[Source data]

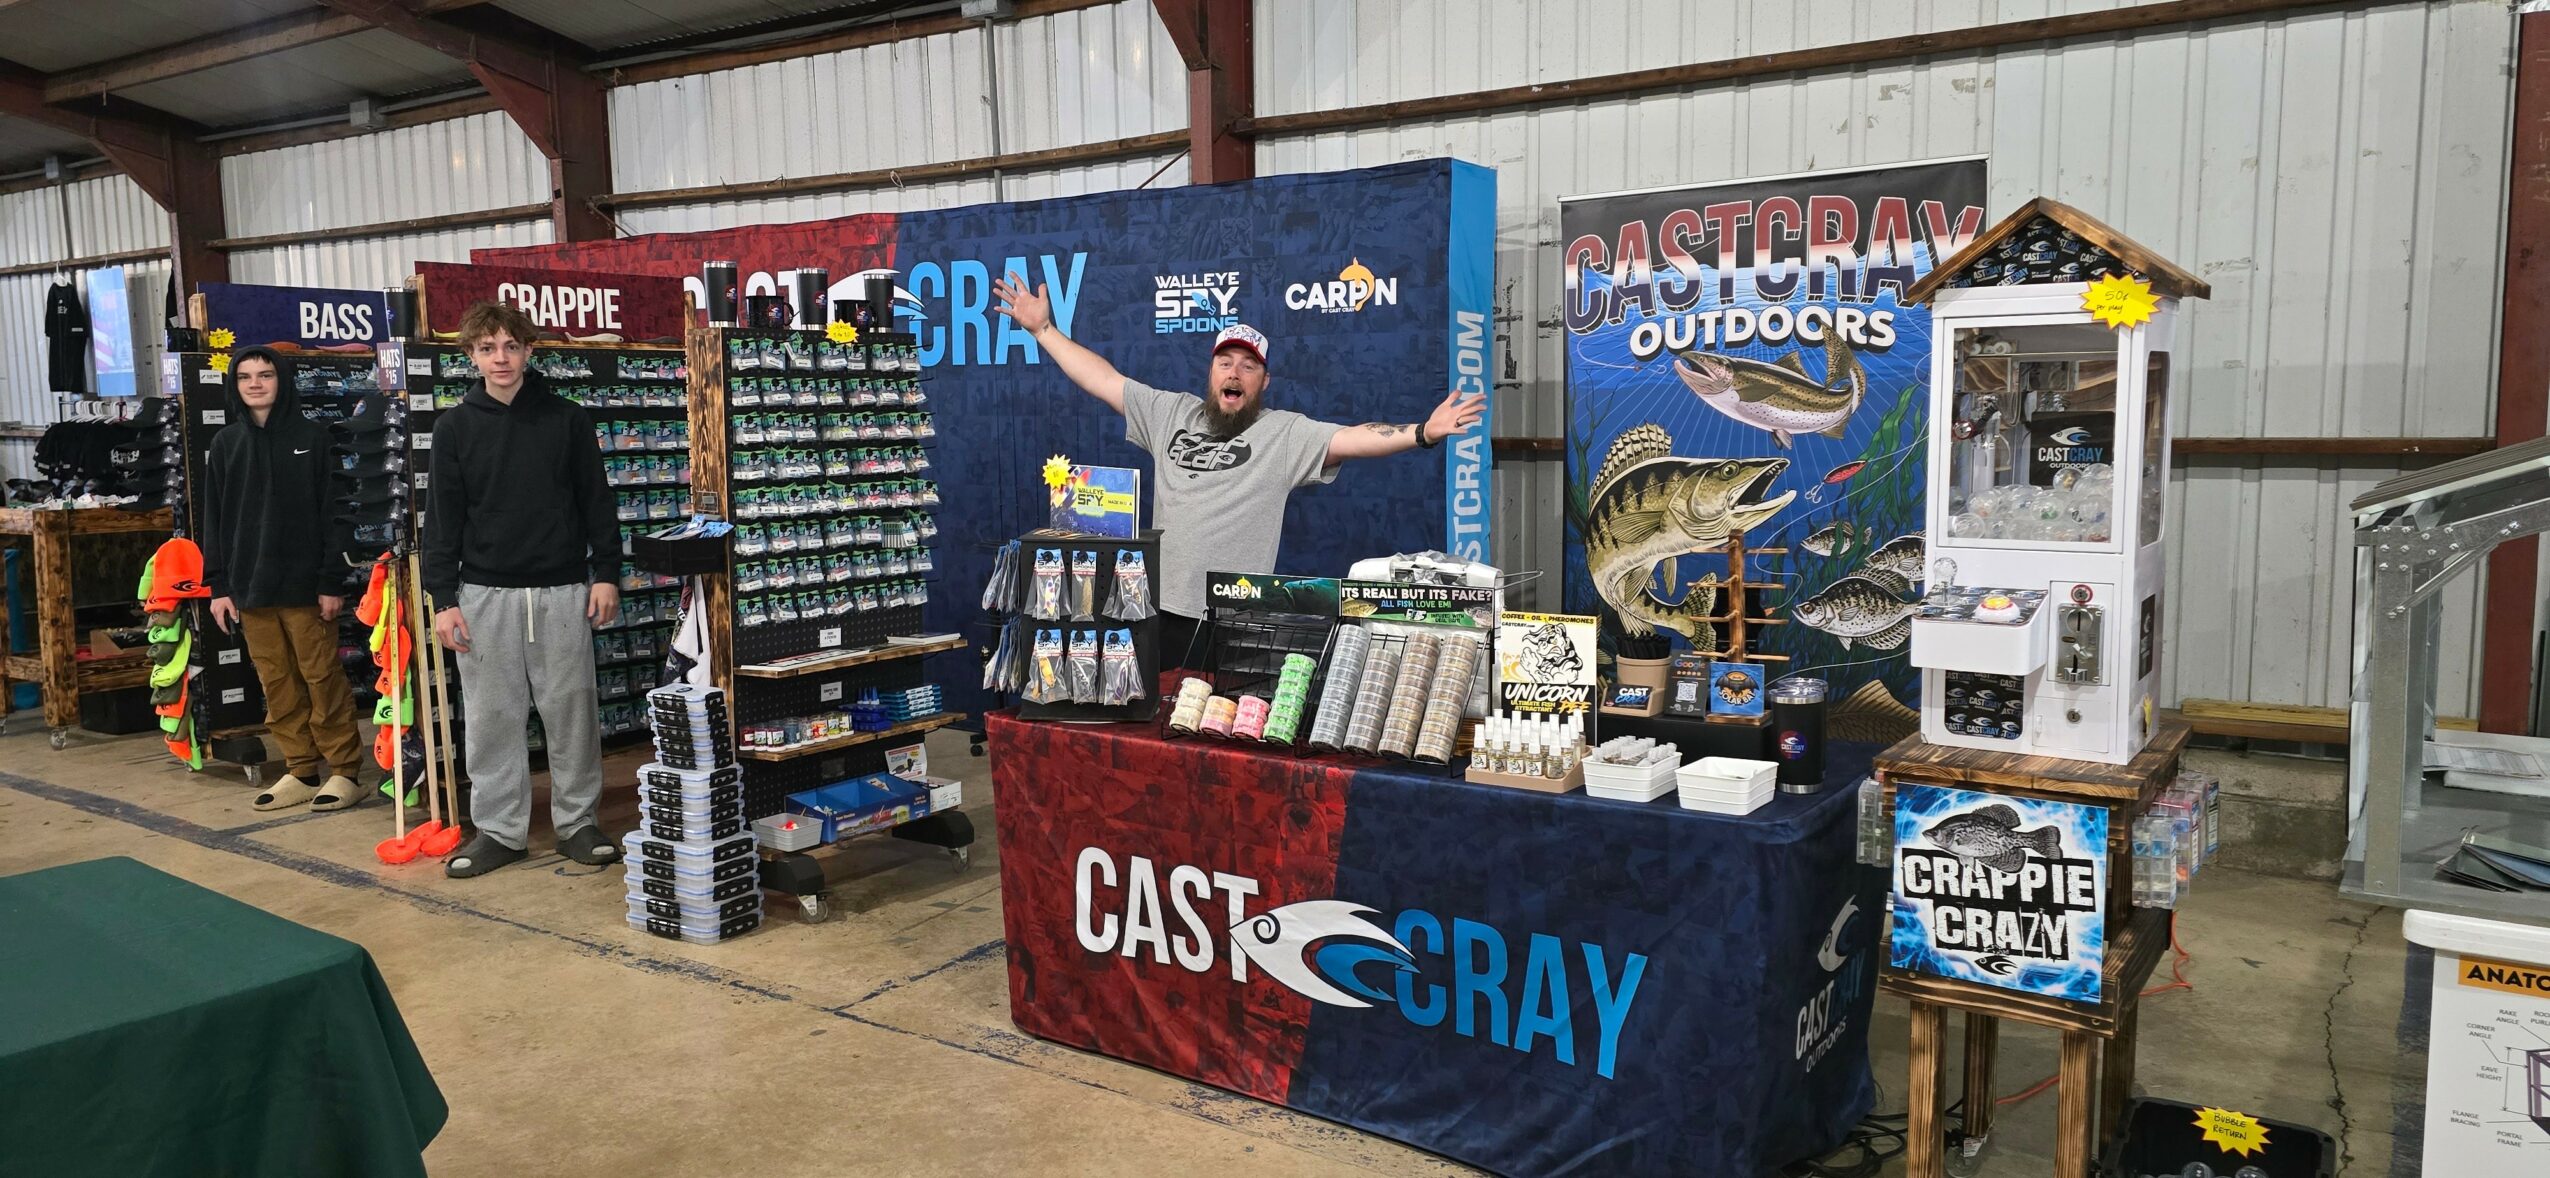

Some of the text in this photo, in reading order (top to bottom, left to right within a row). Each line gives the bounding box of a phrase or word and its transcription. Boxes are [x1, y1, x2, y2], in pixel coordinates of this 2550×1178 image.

[2022, 251, 2059, 263] CASTCRAY
[1565, 195, 1984, 335] CASTCRAY
[1155, 271, 1240, 288] WALLEYE
[1155, 287, 1239, 318] SPY
[2105, 290, 2129, 301] 50¢
[909, 252, 1089, 367] CRAY
[299, 301, 374, 341] BASS
[1155, 316, 1238, 334] SPOONS
[1630, 306, 1896, 359] OUTDOORS
[380, 349, 400, 369] HATS
[163, 358, 178, 375] HATS
[385, 369, 397, 385] $15
[2037, 447, 2103, 462] CASTCRAY
[1077, 487, 1105, 495] WALLEYE
[1341, 587, 1493, 601] ITS REAL! BUT ITS FAKE?
[1381, 600, 1395, 608] ALL
[1396, 600, 1414, 608] FISH
[1415, 600, 1436, 608] LOVE
[1548, 616, 1594, 625] PHEROMONES
[1674, 658, 1706, 669] Google
[1505, 683, 1590, 702] UNICORN
[1619, 687, 1649, 697] CAST
[1718, 689, 1742, 705] SOLAR
[1559, 700, 1592, 715] PEE
[1966, 725, 2000, 735] CASTCRAY
[1904, 855, 2094, 907] CRAPPIE
[1935, 905, 2066, 956] CRAZY
[1074, 846, 1650, 1081] CAST CRAY
[2499, 1009, 2517, 1018] RAKE
[2466, 1022, 2496, 1033] CORNER
[2496, 1016, 2519, 1026] ANGLE
[2469, 1030, 2492, 1040] ANGLE
[2480, 1065, 2499, 1074] EAVE
[2476, 1072, 2502, 1082] HEIGHT
[2213, 1112, 2247, 1128] BUBBLE
[2452, 1109, 2479, 1120] FLANGE
[2450, 1117, 2481, 1128] BRACING
[2213, 1125, 2247, 1140] RETURN
[2496, 1130, 2523, 1141] PORTAL
[2497, 1138, 2522, 1149] FRAME

Description of the task
Scan the records above and show every line in which the word "ANGLE" occurs.

Written response
[2496, 1016, 2519, 1026] ANGLE
[2469, 1030, 2492, 1040] ANGLE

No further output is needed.